Modern journalism increasingly relies on content management technologies in order to represent, store, and query source data and media objects themselves. Writing news articles increasingly requires consulting several sources, interpreting their findings in context, and crossing links between related sources of information. Cedar research results directly applicable to this area provide techniques and tools for rich Web content warehouse management. Within the SourcesSay AI Chair project, we work to devise concrete algorithms and platforms to help journalists perform their work better and/or faster. This work is in collaboration with the journalists from RadioFrance, the team Le vrai du faux.
Political discussions revolve around ideological conflicts that often split the audience into two opposing parties. Both parties try to win the argument by bringing forward information. However, often this information is misleading, and its dissemination employs propaganda techniques. We investigate the impact of propaganda in online forums and we study a particular type of propagandist content, the fallacious argument. We show that identifying such arguments remains a difficult task, but one of high importance because of the pervasiveness of this type of discourse. We also explore trends around the diffusion and consumption of propaganda and how this can impact or be a reflection of society.

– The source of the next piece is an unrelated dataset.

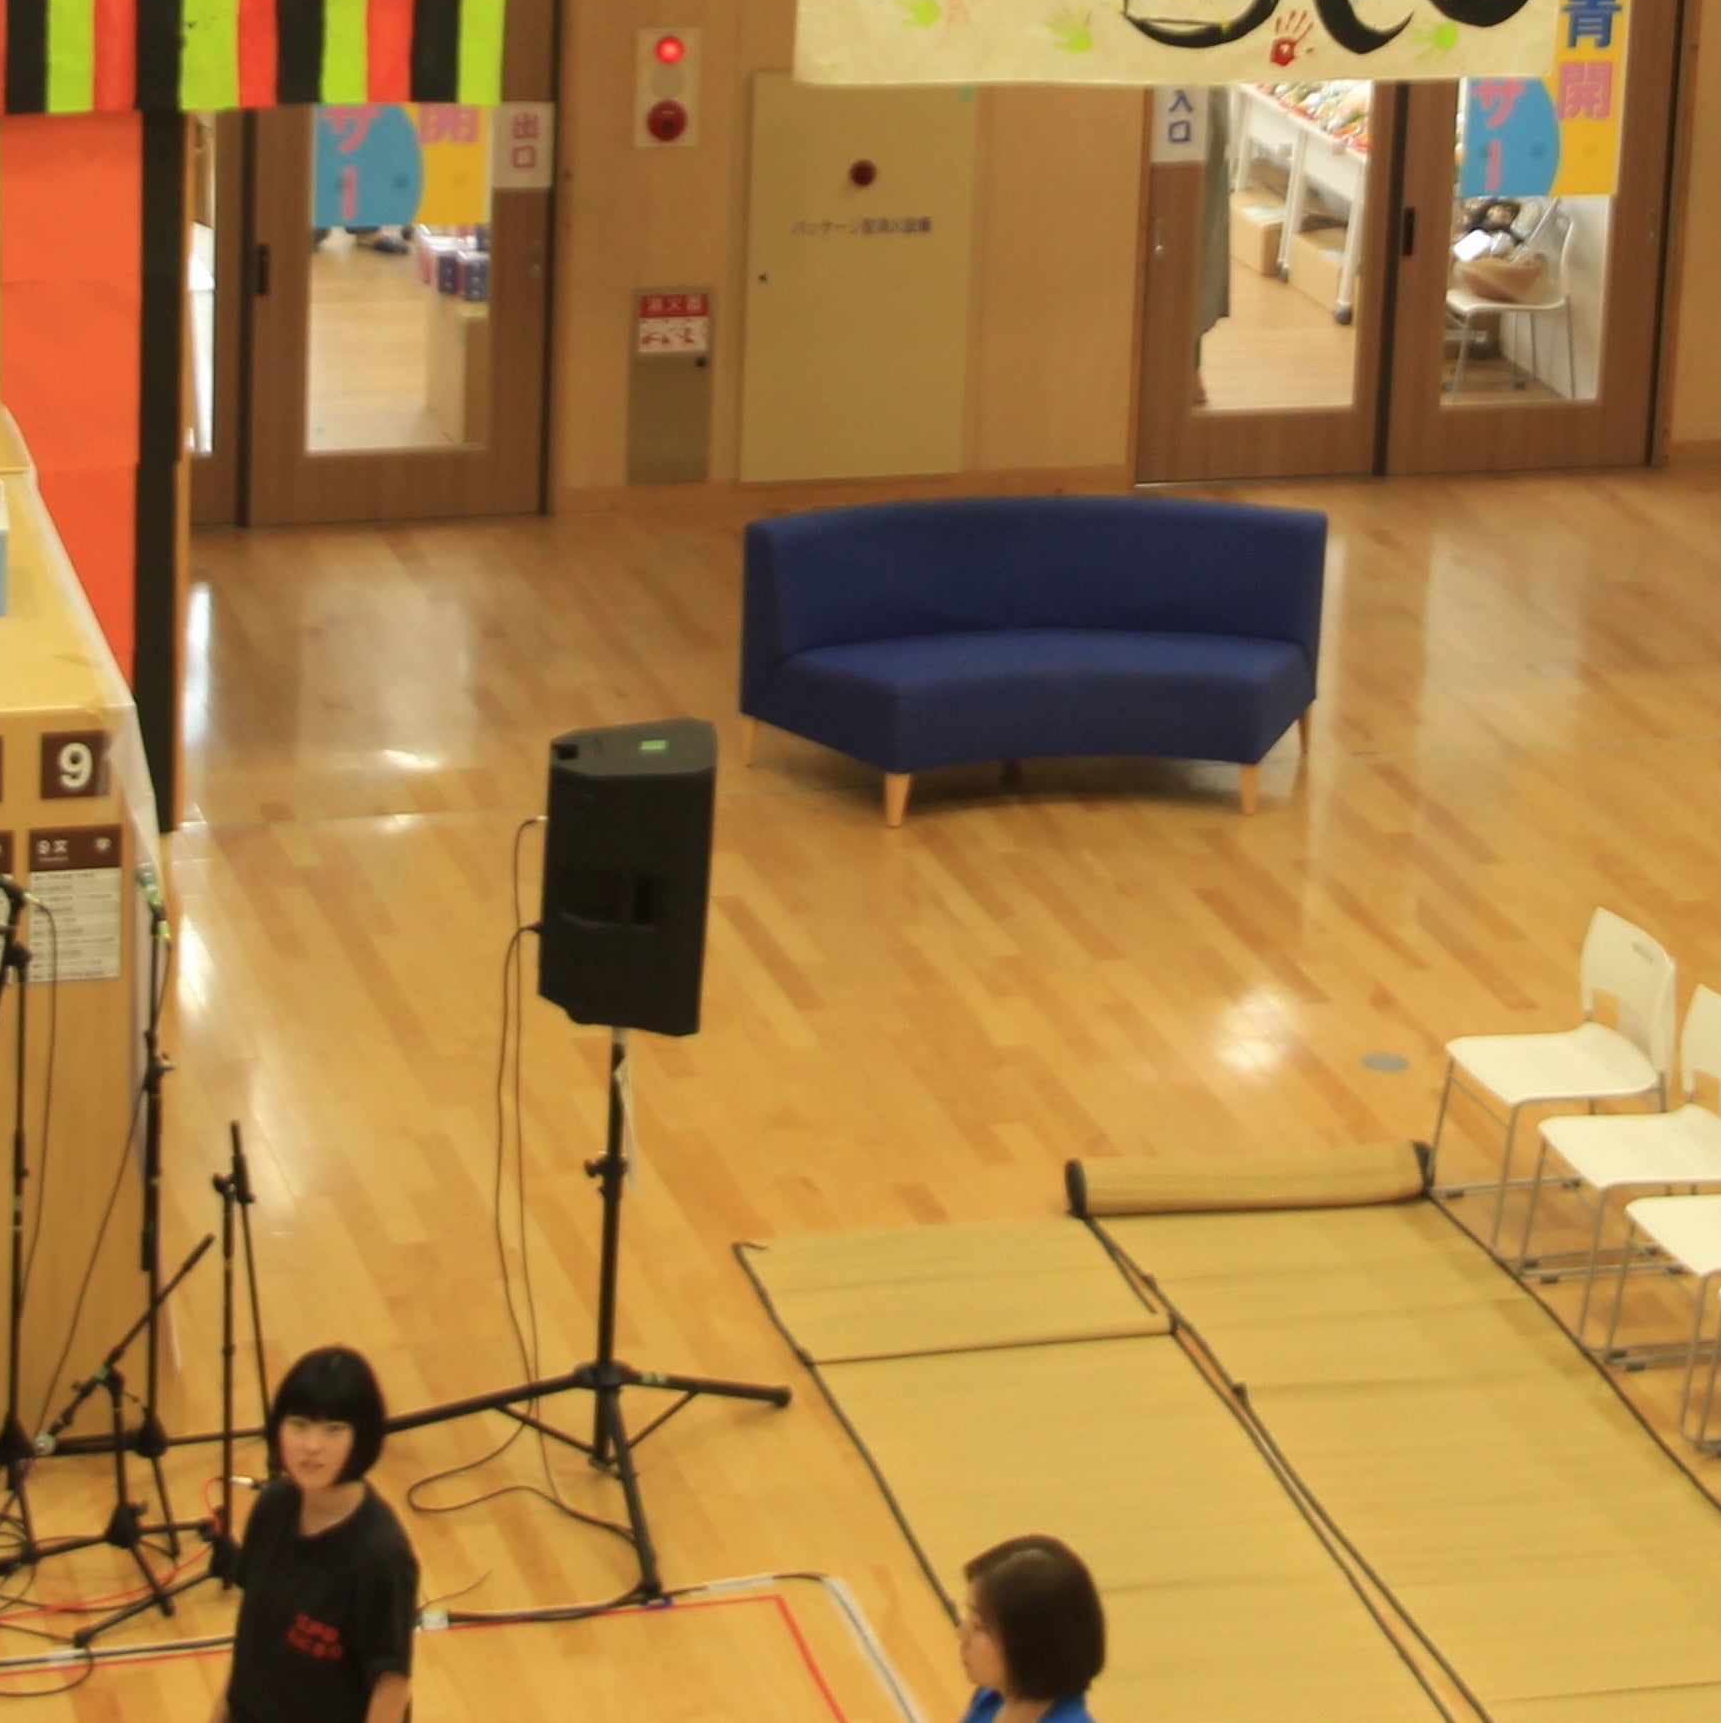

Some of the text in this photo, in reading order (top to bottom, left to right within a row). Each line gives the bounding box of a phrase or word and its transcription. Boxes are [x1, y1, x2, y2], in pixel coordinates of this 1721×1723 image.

The enormous financial success of online advertising platforms is partially due to the precise targeting features they offer. Ad platforms collect large amounts of data on users and use powerful AI-driven algorithms to infer users’ fine-grain interests and demographics, which they make available to advertisers to target users. For instance, advertisers can target groups of users as small as tens or hundreds and as specific as ‘‘people interested in anti-abortion movements that have a particular education level’’. Ad platforms also employ AI-driven targeting algorithms to predict how ‘‘relevant’’ ads are to particular groups of people to decide to whom to deliver them. While these targeting technologies are creating opportunities for businesses to reach interested parties and lead to economic growth, they also open the way for interested groups to use user’s data to manipulate them by targeting messages that resonate with each user.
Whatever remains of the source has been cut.